Survival Instincts: Shôhei Imamura’s 1960s heroines

Pigs and Battleships

In a 1994 interview with the Japanese filmmaker Toichi Nakata, the nuberu bagu figurehead Shôhei Imamura explained that his interest in lower-class women stemmed from his post-war black market experiences: ‘They weren’t educated and they were vulgar and lusty, but they were also strongly affectionate and they instinctively confronted all their own sufferings. I grew to admire them enormously.’ It was a difficult period for Japan as the nation tried to rebuild both economy and morale, with lower-class citizens forced to undertake whatever work they could find in order to make it through the week. Imamura came from a relatively privileged background and studied Western history at Waseda University, but was less interested in attending classes than he was in associating with opportunistic racketeers and fallen women. Such encounters made a significant impression on Imamura, who felt sympathetic towards the hostesses, prostitutes and other women in demeaning jobs, and acknowledged the strength that made them more multi-faceted than mere victims of circumstances. Life is hard for the female protagonists of Imamura’s 1960s output, whose characters struggle with a host of obstacles (abuse, ostracism, poverty), yet usually manage to get on with things despite such setbacks. If such depictions of daily drudgery served to make wider points about Japan as a nation in the 1960s, the director never lost sight of the personal struggles. Imamura was very much an anthropologist, stating in a 1985 interview with Audie Bock, ‘My heroines are true to life – just look around you at Japanese women’.

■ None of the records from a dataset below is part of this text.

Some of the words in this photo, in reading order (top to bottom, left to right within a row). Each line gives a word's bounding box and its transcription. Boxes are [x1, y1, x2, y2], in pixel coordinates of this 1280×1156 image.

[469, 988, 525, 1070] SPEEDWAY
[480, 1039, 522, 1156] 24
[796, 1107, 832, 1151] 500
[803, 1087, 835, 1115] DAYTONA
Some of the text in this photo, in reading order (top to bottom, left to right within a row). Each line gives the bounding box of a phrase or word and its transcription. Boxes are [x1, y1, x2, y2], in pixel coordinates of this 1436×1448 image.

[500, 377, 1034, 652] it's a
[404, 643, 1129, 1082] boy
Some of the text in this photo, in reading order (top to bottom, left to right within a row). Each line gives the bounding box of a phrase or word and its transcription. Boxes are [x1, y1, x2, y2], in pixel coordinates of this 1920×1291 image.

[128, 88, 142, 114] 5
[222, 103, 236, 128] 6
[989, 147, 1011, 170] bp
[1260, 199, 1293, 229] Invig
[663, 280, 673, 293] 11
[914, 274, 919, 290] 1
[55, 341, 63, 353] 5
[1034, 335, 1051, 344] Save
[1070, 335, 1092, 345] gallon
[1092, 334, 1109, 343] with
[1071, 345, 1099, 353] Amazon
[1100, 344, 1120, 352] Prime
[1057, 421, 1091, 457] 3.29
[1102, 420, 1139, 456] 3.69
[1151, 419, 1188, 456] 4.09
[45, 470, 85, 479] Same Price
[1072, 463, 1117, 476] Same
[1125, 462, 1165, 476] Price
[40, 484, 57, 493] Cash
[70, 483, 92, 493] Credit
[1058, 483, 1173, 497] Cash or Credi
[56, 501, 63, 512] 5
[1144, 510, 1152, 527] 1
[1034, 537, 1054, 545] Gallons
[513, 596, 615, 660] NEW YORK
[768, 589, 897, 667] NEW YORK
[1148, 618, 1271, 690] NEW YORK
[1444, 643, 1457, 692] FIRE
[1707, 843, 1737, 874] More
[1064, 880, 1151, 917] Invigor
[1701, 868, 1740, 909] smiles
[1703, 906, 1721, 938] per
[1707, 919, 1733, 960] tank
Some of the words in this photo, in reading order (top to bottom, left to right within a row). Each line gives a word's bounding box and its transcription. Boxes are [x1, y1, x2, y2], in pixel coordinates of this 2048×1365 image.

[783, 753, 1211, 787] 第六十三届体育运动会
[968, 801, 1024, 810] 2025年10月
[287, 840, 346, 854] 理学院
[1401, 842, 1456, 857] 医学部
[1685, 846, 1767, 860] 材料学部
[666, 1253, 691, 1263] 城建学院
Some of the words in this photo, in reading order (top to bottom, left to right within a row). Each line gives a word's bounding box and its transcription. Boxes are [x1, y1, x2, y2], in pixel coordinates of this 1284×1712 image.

Such themes would not emerge in Imamura’s work until he achieved a degree of independence from the demands of studio production line. As with many Japanese filmmakers, Imamura started his career as a contract player, initially employed at Shochiku Studios, where he worked as an assistant to Yasujirô Ozu on Early Summer (1951), The Flavour of Green Tea over Rice (1952) and Tokyo Story (1953). Disliking the manner in which the quiet master would portray the Japanese society of the period, and desiring a better salary, Imamura departed Shochiku in 1954 to work at rival studio Nikkatsu, where he also served as an apprentice, assisting Yuzo Kawashima, and was elevated to co-screenwriter status with Sun in the Last Days of the Shogunate (1957). Having paid his dues on the factory floor, Imamura was offered the opportunity to direct with Stolen Desire (1958), a tale of travelling actors. His following films, Nishi Ginza Station (1958), Endless Desire (1958) and My Second Brother (1959), were pure pop, lightweight entertainments aimed at the youth market, but things changed when Imamura secured a larger budget to shoot Pigs and Battleships (1961). The director’s fifth feature is a scathing satire of post-war Japanese society that filtered its social-economic critique through the story of small-time crook Kinta (Hiroyuki Nagato) and his girlfriend Haruko (Jitsuko Yoshimura), who works as a waitress in a bar adjacent to a brothel. Haruko is the prototype for Imamura’s 1960s heroines in that she is horribly mistreated but remains resolutely practical and progressive.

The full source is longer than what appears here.